The increase in the number of pro se litigants has sparked recent innovations by clerks and judges. Just a decade or so ago, pro se litigants had few resources for assistance with their cases. Now, they can make use of court-sponsored self-help sites that feature links to laws, legal forms, and even pleading builders.
In this vein, Judge Beverly W. Snukals shared her insights about pro se litigants in court and made suggestions for helping the system work better for them.

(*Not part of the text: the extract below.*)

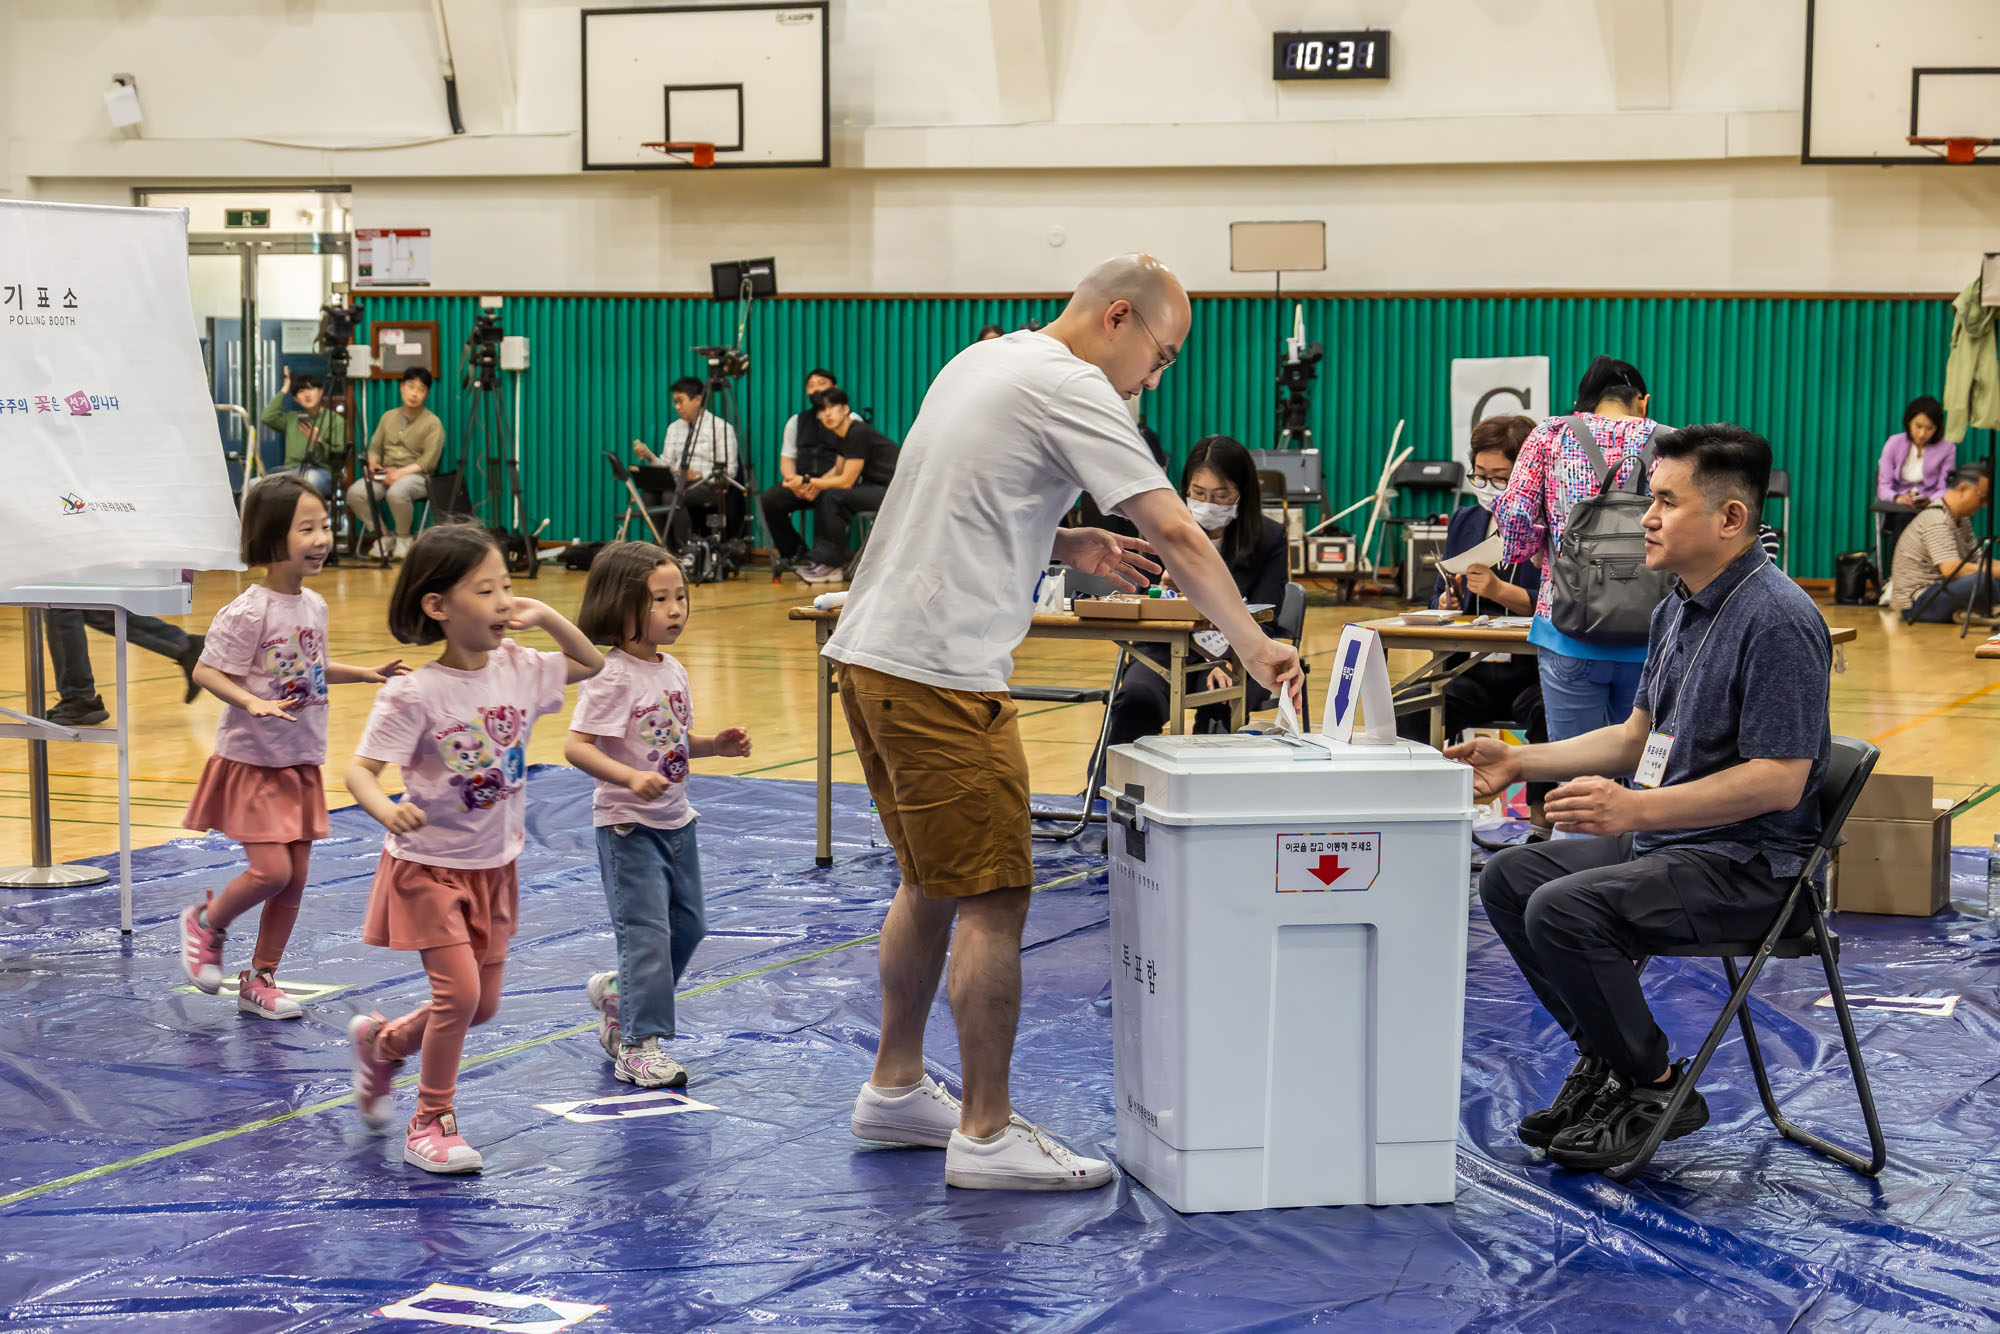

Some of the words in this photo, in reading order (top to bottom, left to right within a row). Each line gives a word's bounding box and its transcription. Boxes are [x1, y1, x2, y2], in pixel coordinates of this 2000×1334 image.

“Pro se litigants are a relatively powerless interest group. The group’s lack of political influence results in little being done to remedy the difficulties posed by the rise in self-representation. Membership in the group is typically not by choice, but because the individual litigant lacks the money to hire an attorney. The lack of resources significantly limits the group’s ability to garner similar attention from the General Assembly as well-funded groups do. But more importantly, pro se litigants lack group cohesion. Membership in the group ends with the final disposition of the litigant’s case. Without the funds or logistical capability to pool resources and act as an organized group to lobby the legislature, pro se litigants fail to receive sufficient funding and services in comparison with their need.”
Snukals’ suggestions include: (1) unbundling of legal services in which people pay only for services they need; (2) use of self-service centers, pro se litigation clinics, and Internet-based information systems; (3) amendments to laws for unauthorized practice of law to allow court staff to assist pro se litigants; and (4) judicial education that teaches judges how to best handle cases involving pro se litigants.